## Activity
Your reply must consist of the data below, reproduced character for character.

## Data for the task
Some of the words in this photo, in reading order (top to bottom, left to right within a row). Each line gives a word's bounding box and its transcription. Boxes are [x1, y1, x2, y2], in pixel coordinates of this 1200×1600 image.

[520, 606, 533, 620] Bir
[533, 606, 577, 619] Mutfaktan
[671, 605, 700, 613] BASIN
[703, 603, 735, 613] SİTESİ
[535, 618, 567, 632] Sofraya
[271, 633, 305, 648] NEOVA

## Result for this task
Some of the words in this photo, in reading order (top to bottom, left to right within a row). Each line gives a word's bounding box and its transcription. Boxes are [x1, y1, x2, y2], in pixel coordinates of this 1200×1600 image.

[520, 606, 533, 620] Bir
[533, 606, 577, 619] Mutfaktan
[671, 605, 700, 613] BASIN
[703, 603, 735, 613] SİTESİ
[535, 618, 567, 632] Sofraya
[271, 633, 305, 648] NEOVA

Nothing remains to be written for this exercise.